* [Records shown]:
○ ○ ○ ○ ○

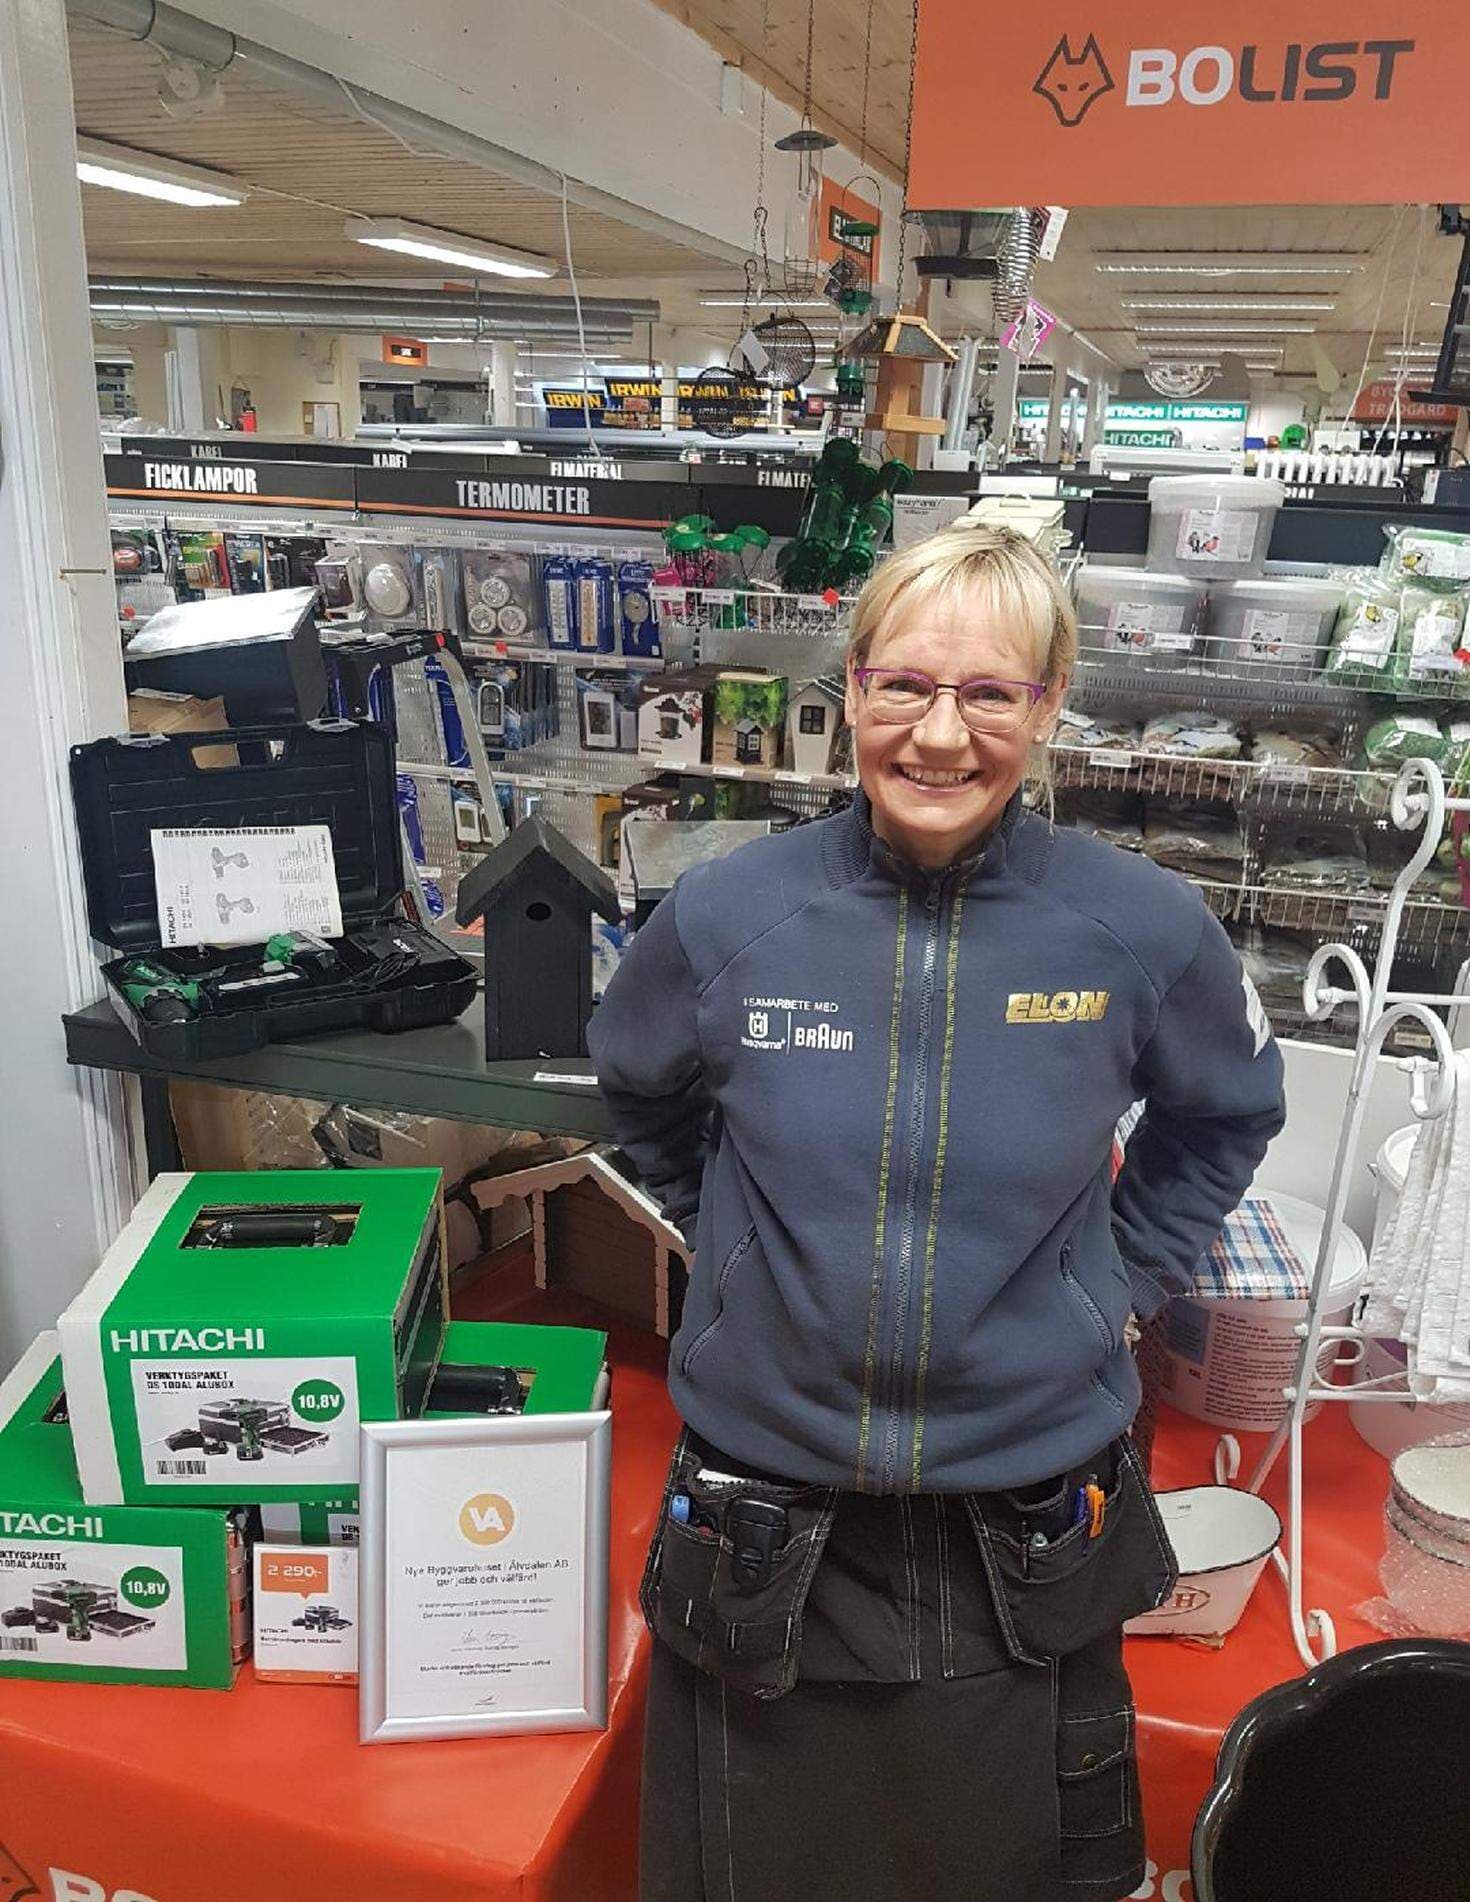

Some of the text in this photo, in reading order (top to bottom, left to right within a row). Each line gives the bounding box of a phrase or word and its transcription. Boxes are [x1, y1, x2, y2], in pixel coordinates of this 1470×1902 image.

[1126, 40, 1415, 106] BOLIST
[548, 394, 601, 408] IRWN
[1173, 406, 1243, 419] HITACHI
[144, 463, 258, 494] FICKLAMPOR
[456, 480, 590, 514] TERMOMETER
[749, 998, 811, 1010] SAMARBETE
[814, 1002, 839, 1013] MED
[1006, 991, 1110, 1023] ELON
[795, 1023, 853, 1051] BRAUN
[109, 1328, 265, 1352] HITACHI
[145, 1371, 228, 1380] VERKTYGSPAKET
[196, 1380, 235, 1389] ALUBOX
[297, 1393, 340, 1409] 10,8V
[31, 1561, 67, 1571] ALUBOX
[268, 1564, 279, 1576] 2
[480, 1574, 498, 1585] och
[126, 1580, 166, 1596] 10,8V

○ ○ ○ ○ ○

* [Task objective]: All entries above should be printed exactly, though without their pictures.

* [Answer below]:
Some of the text in this photo, in reading order (top to bottom, left to right within a row). Each line gives the bounding box of a phrase or word and its transcription. Boxes are [x1, y1, x2, y2], in pixel coordinates of this 1470×1902 image.

[1126, 40, 1415, 106] BOLIST
[548, 394, 601, 408] IRWN
[1173, 406, 1243, 419] HITACHI
[144, 463, 258, 494] FICKLAMPOR
[456, 480, 590, 514] TERMOMETER
[749, 998, 811, 1010] SAMARBETE
[814, 1002, 839, 1013] MED
[1006, 991, 1110, 1023] ELON
[795, 1023, 853, 1051] BRAUN
[109, 1328, 265, 1352] HITACHI
[145, 1371, 228, 1380] VERKTYGSPAKET
[196, 1380, 235, 1389] ALUBOX
[297, 1393, 340, 1409] 10,8V
[31, 1561, 67, 1571] ALUBOX
[268, 1564, 279, 1576] 2
[480, 1574, 498, 1585] och
[126, 1580, 166, 1596] 10,8V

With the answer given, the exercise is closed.